The Mongol threat reaches Europe. In 1241, two Mongol armies invaded Eastern Europe. At Liegnitz, an army of German and Polish knights was defeated by one, while the main Hungarian army was cut apart by the second at the Battle of the Sajo River. Internal divisions within the Mongol Empire saved Western Europe from invasion in the following years.
A mixed Slavic army led by the Serbs is crushed by the Ottoman Turks under Sultan Murad I, in 1389 at the Battle of Kosovo, although Murad himself is killed. The Emir (prince) Osman, who lived around 1300, and his son, had founded the Ottoman dynasty, by breaking free from Mongol rule. Ottoman comes from the Arabic form of his name, "Othman".
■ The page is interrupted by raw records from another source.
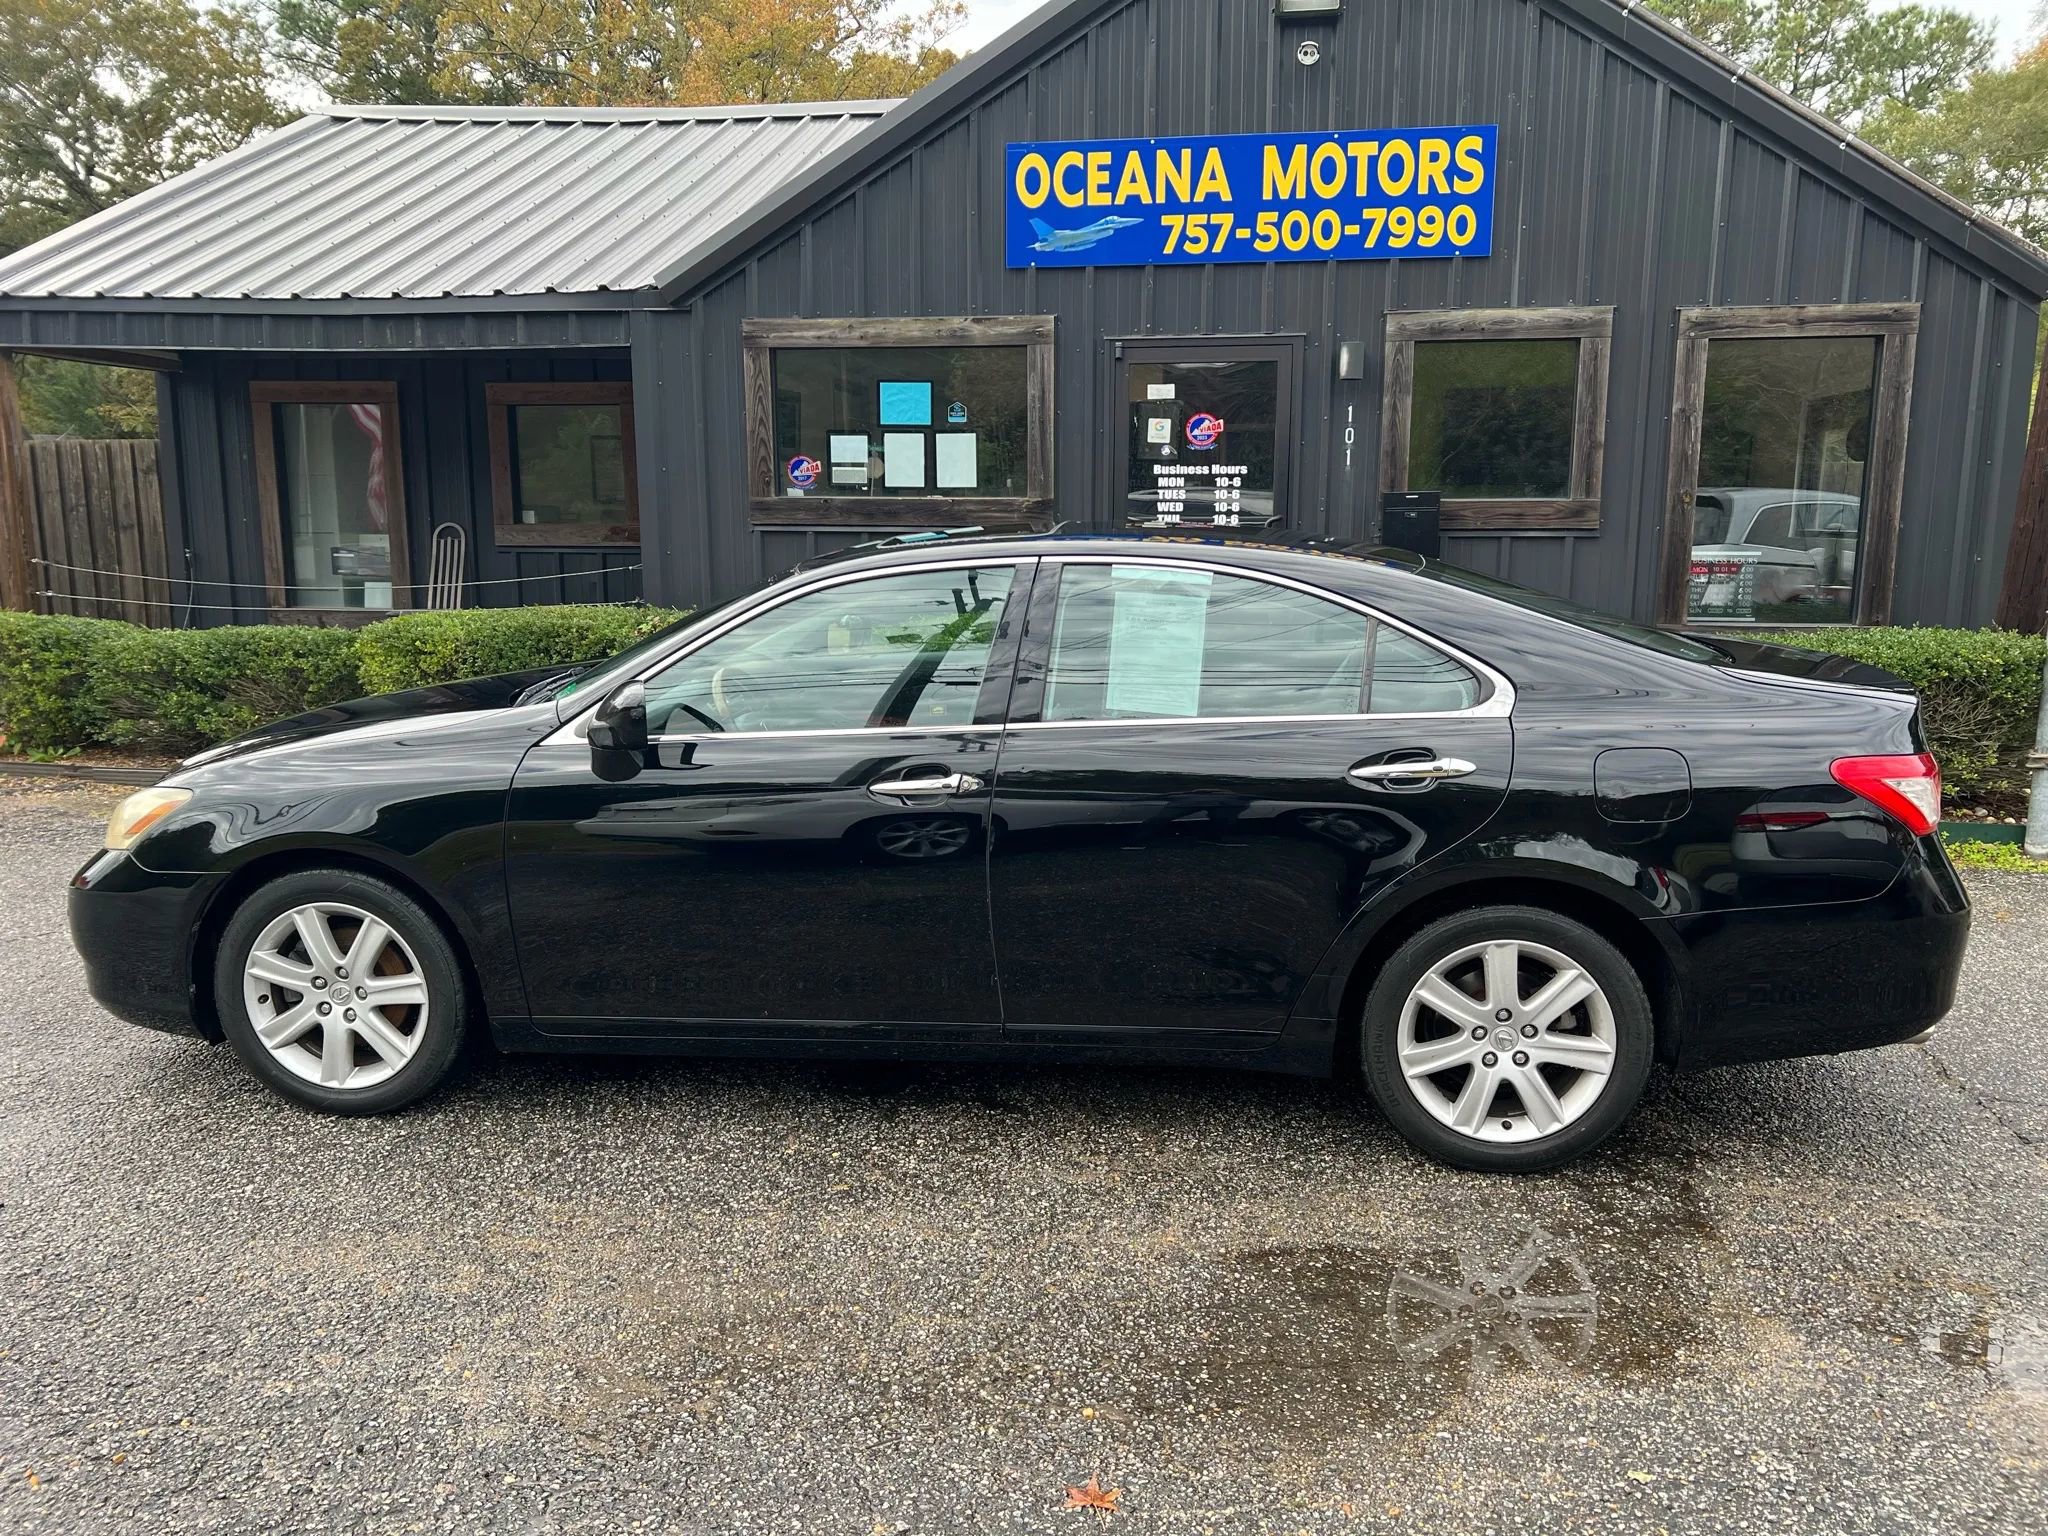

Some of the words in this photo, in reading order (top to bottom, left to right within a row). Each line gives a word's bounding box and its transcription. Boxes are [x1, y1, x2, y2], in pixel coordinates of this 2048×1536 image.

[1015, 147, 1232, 209] OCEANA
[1263, 135, 1484, 200] MOTORS
[1160, 204, 1478, 254] 757-500-7990
[1153, 464, 1210, 475] Business
[1211, 464, 1248, 475] Hours
[1157, 477, 1185, 487] MON
[1214, 477, 1242, 487] 10-6
[1157, 489, 1186, 500] TUES
[1213, 489, 1241, 500] 10-6
[1156, 502, 1184, 512] WED
[1213, 502, 1240, 512] 10-6
[1212, 514, 1239, 525] 10-6
Constantinople itself was taken by the Ottoman Turks under Sultan Mehmed in 1453. The siege began on April 6. The world's largest cannon, one with a barrel eight metres long, hurled huge stone balls at the triple walls surrounding the city. In an amazing feat, a fleet of small Turkish ships was hauled overland in one night and moved into the main harbor, which the defenders had thought safe because it had been closed off with a huge chain. But it was the land assault of May 29, that finally broke through the city's walls. At the end of a day of pillage, Mehmed, now called "the Conqueror", entered Constantinople to restore order and to pray in the Church of Hagia Sofia, now at his order turned into a mosque. In addition to his other titles, Mehmed now called himself the Roman emperor, or "Rum Kayseri". The Ottoman sultanate was now an empire.
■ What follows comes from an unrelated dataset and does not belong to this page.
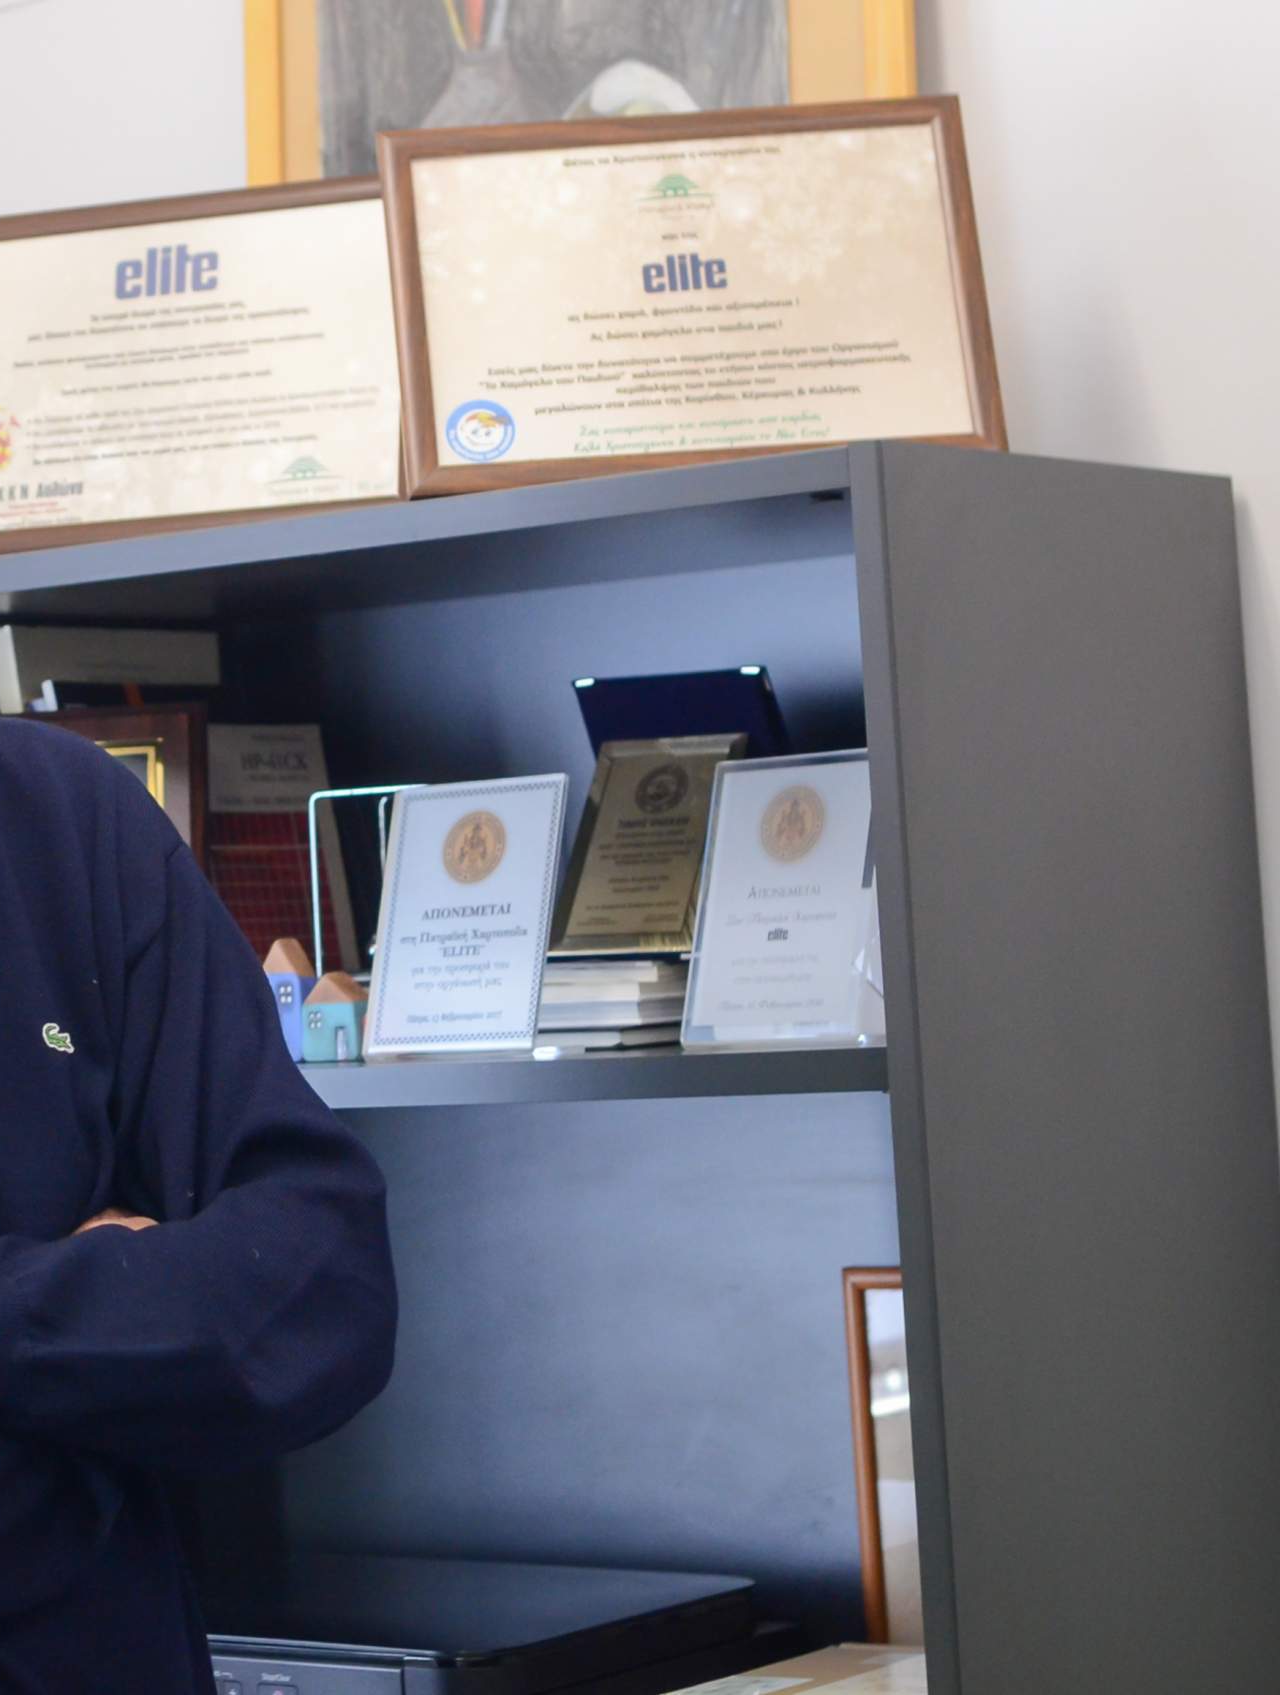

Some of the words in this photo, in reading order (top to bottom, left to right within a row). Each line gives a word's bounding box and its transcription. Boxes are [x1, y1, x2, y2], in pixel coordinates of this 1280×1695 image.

[115, 244, 219, 300] elite
[642, 253, 728, 294] elite
[421, 903, 512, 921] ΑΠΟΝΕΜΕΤΑΙ
Hildegard (born 1099, died 1179), a German nun, becomes equally famous for her mystical visions, and her music and poetry. She was also a prolific writer, producing books on natural history, medicine and the lives of saints. Hildegard eventually becomes the abbess of the nunnery at Bingen on the Rhine River.
Even at the peak of the viking raids, Frisian merchants had been the most important traders of Europe, with trade routes reaching from the Rhine delta area into Russia and the Mediterranean. The Frisians were a collection of loosely united merchant towns dotting the North Sea coast of the Netherlands and Germany. By 1300, the Frisians were losing out to a new commercial rival, the Hanseatic League. The League was a union of a dozen Dutch and German ports, the most important of which was Hamburg.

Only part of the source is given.